Now just treat this plant as you would the mother plant.  Wait 6 months, and then dig around the plant gently with your finger.  If you are eager and you feel there are sufficient roots cut the limb that connects your new plant from the mother plant.  I wait a few more weeks and then you can dig and move the plant to a new location, or leave it happily growing where it is.
Mother Rose Bush being Propagated

Bonus: Propagated plants make great gifts! I am currently propagating a rose bush my mother-in-law gave me several years ago for mother’s day.  She purchased two and gave one to me and one to her daughter. This bush has preformed amazingly well in my yard. For some reason she didn’t buy herself one, however she loves roses.  Guess who I plan to give one of my propagations to?
Propagated Oak Leaf Hydrangea

This is a picture of an Oak Leaf Hydrangea that my mother propagated for me about two years ago. I saw several in the store, but I didn’t want it bad enough to spend $35 on it.  I remembered that my mom had several in her yard that were doing fabulous in a location very similar to where I planned to plant mine, so I asked her to “throw down a limb” for me.  True, the hard part is waiting, but in the end, knowing that you have a beautiful plant that you made or received as a gift is wonderful!

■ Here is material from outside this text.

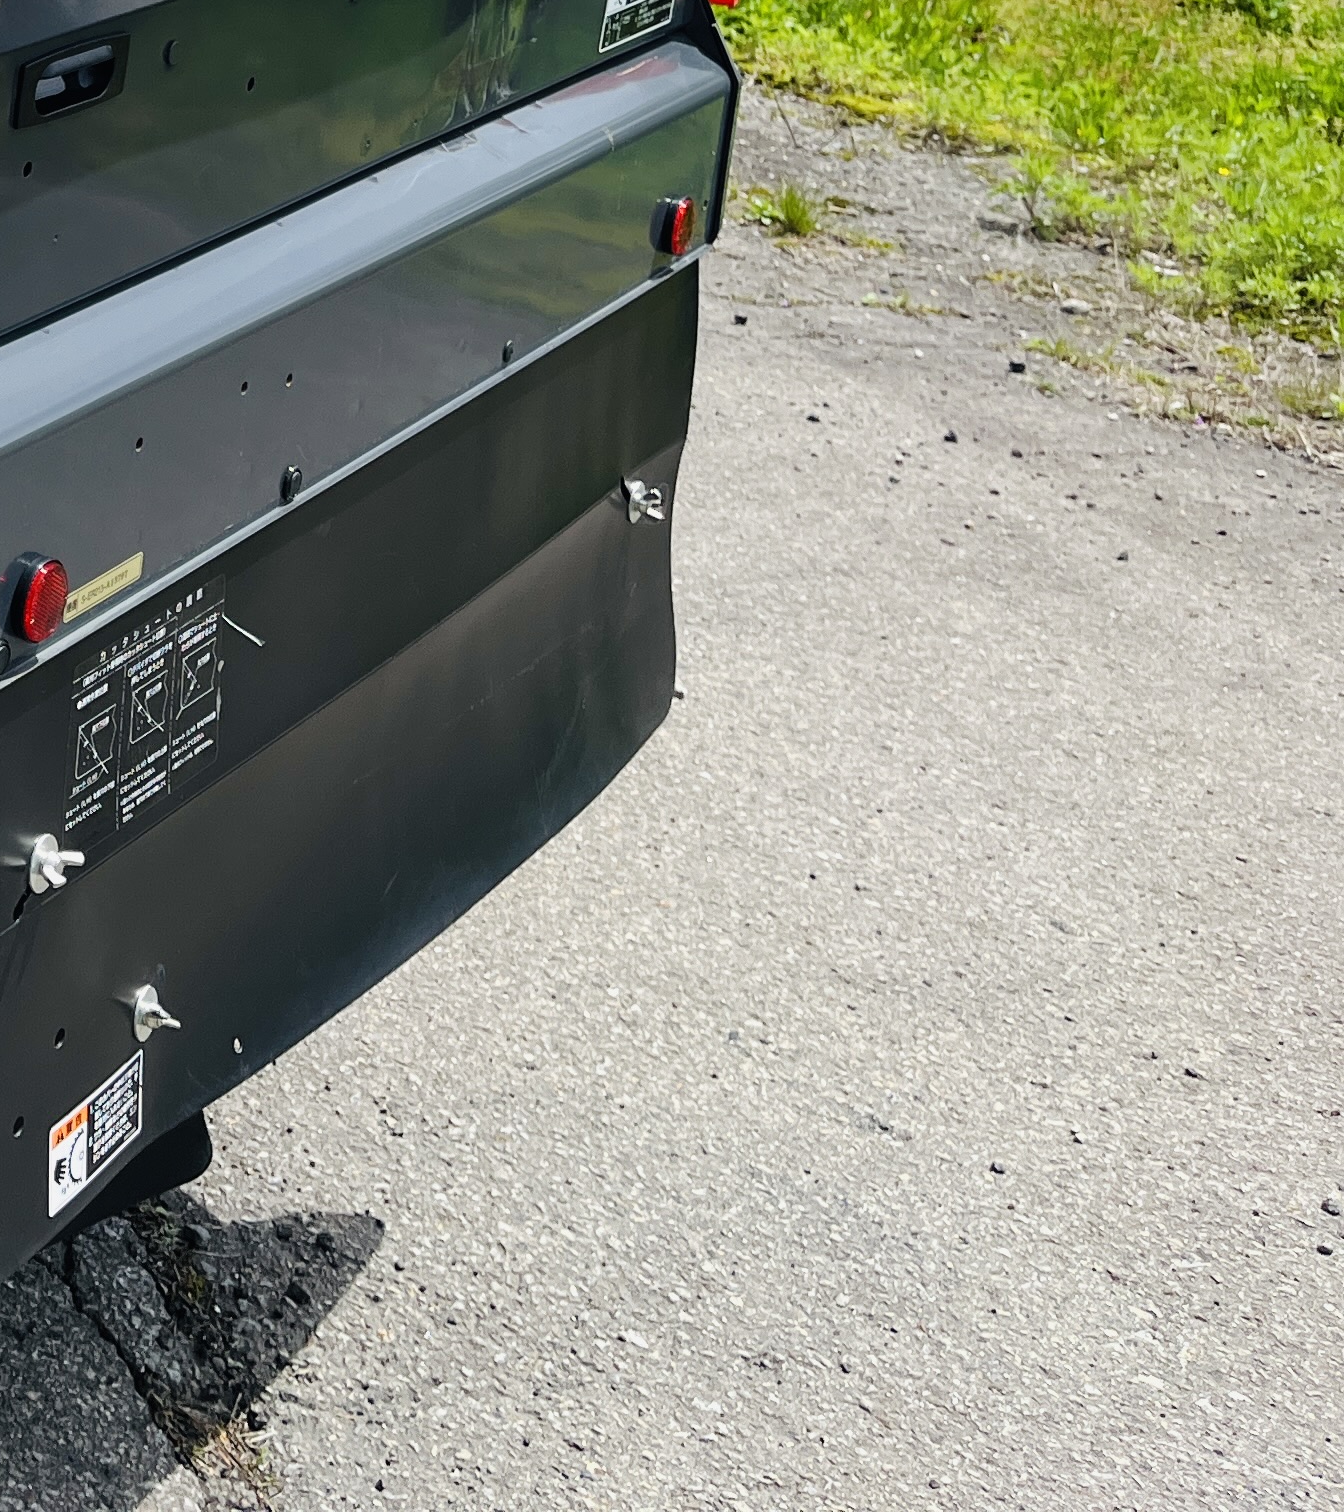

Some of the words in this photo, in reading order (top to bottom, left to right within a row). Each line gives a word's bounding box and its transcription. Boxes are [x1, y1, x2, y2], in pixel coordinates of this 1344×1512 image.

[99, 587, 204, 663] カッタシュートの
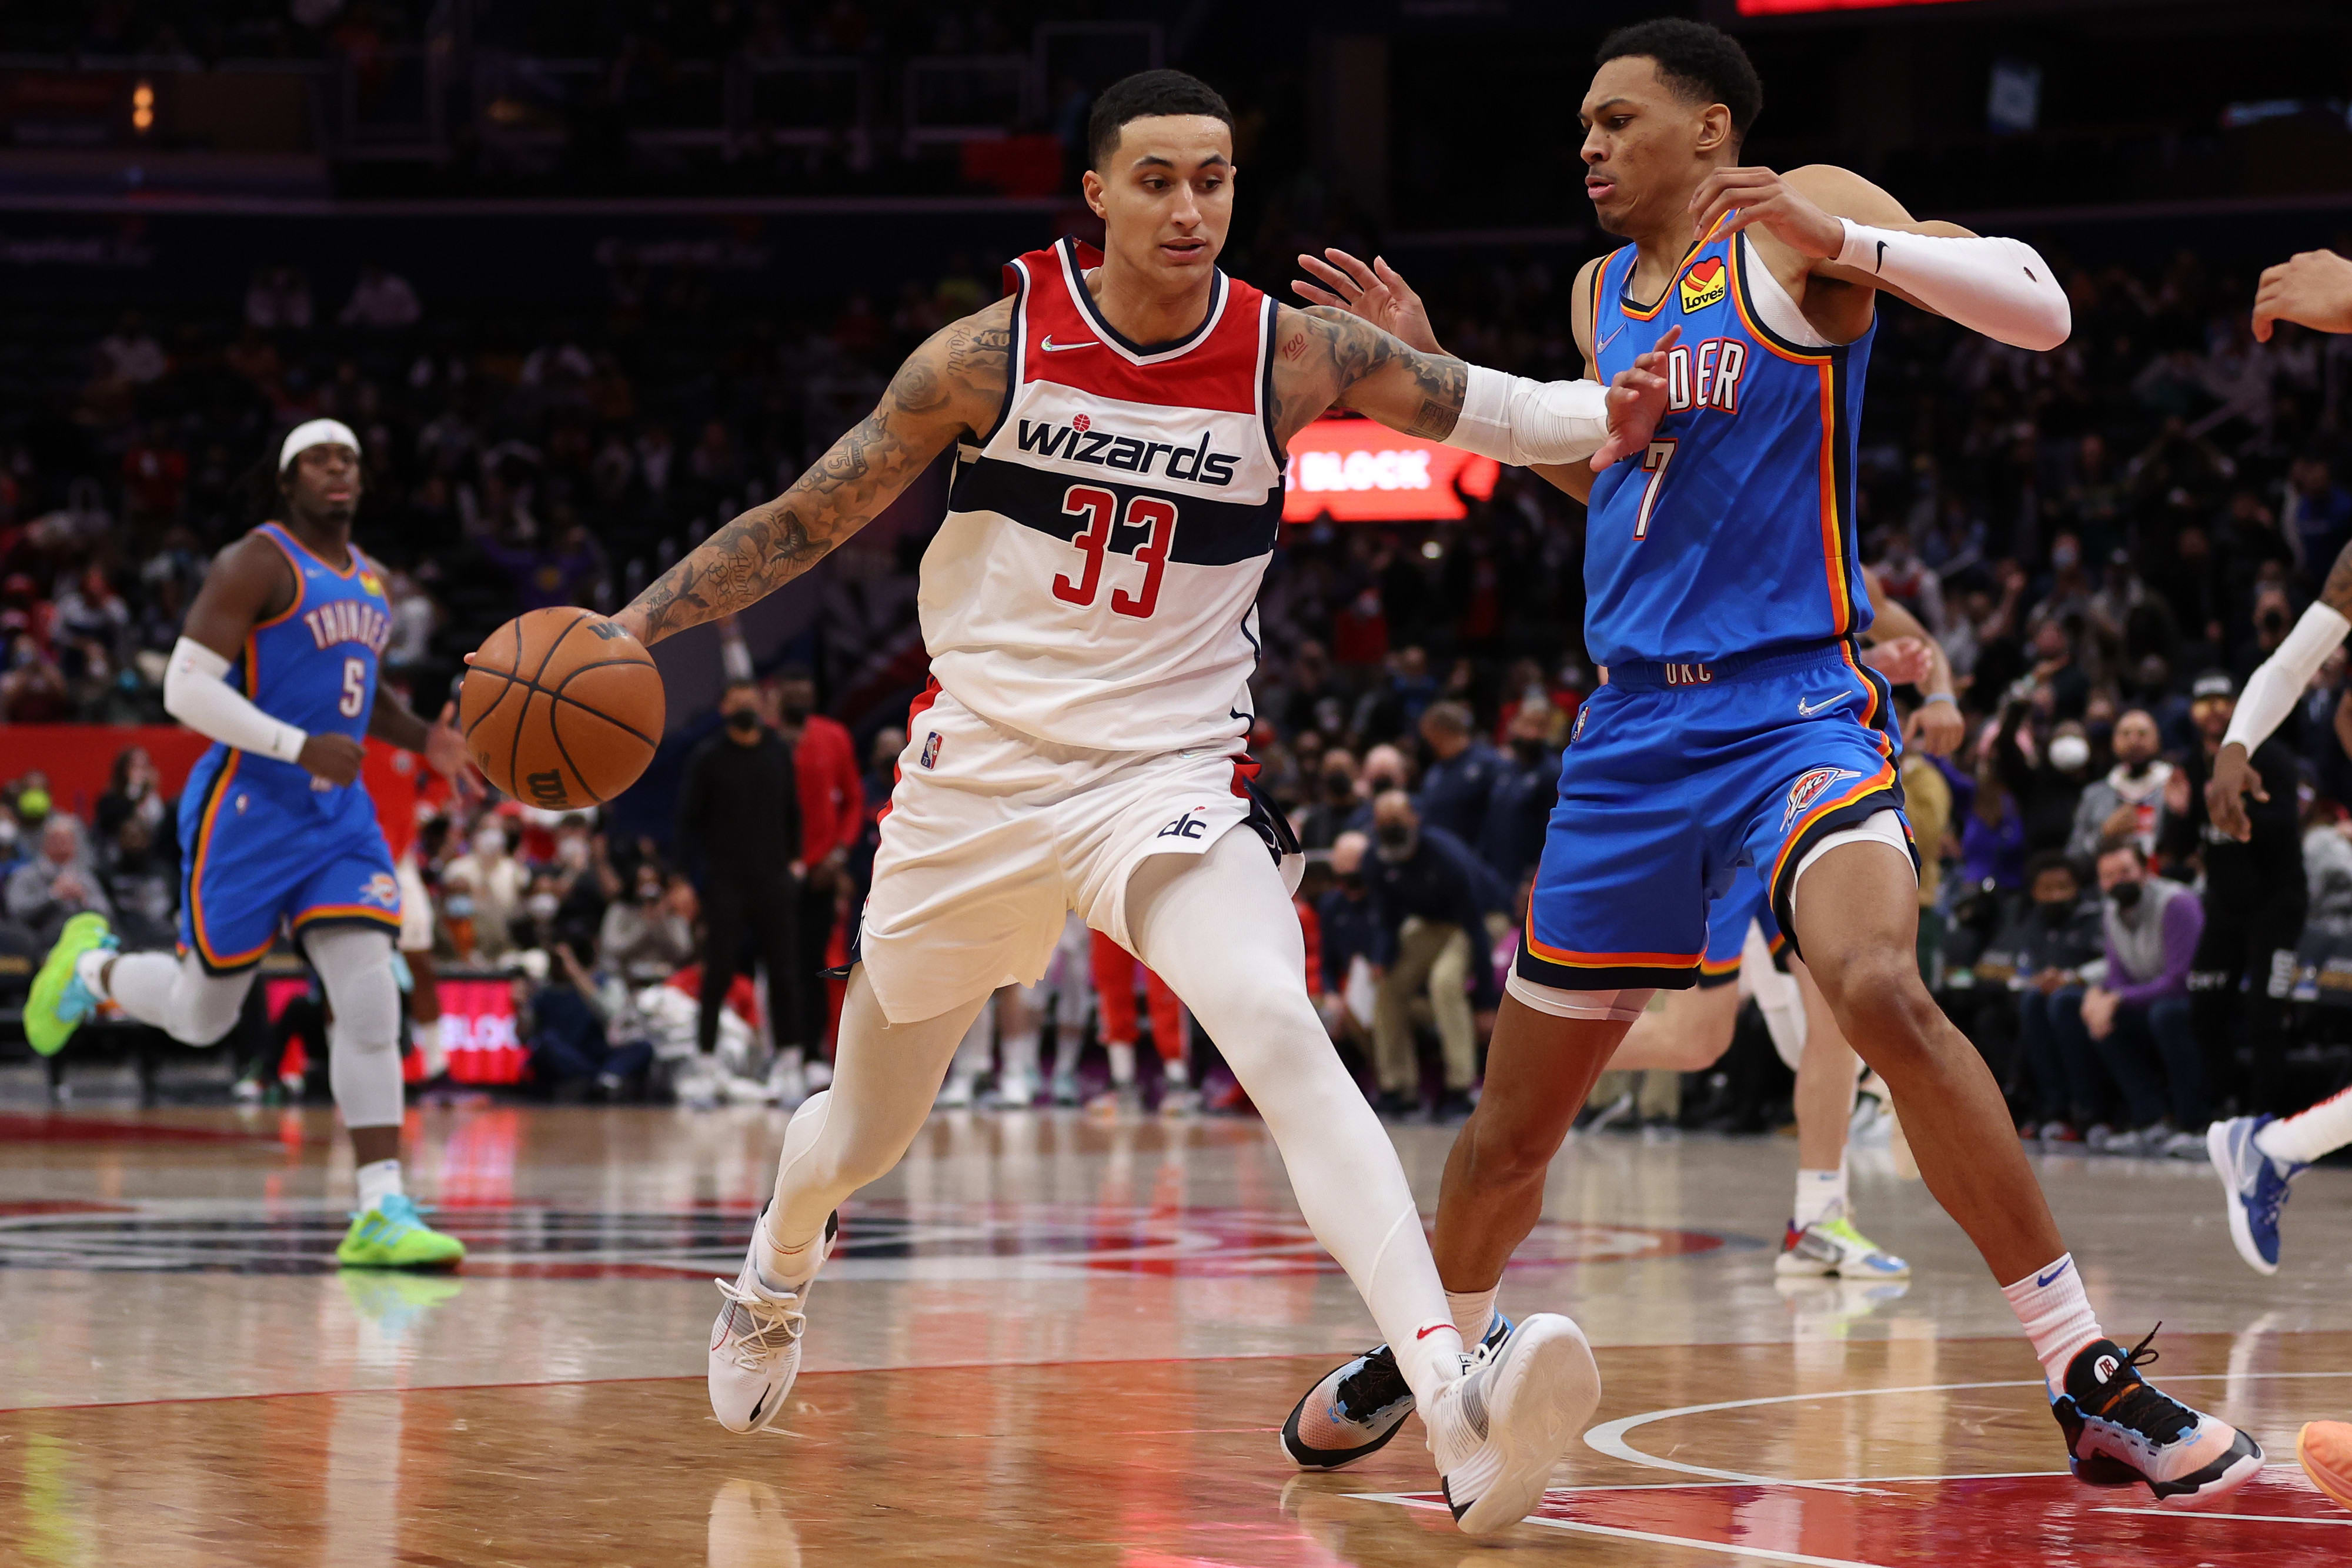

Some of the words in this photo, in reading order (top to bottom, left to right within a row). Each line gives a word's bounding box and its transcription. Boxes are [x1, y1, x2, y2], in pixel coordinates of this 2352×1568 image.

Please share your success stories or failures below.  Thank you!


  1. See all of the weeds & Grass in the pic above titled Propagated Oak Leaf Hydrangea? Stay Tuned... Next week I will use a method I call "Lazy Weeding" to demonstrate how easy it is to kill grass and weeds and keep them from coming back - Naturally!

  2. So you keep the branch attached to the plant until there are roots?

  3. Yes, only cut the branch back to the mother plant after you have verified that there are roots on the new plant.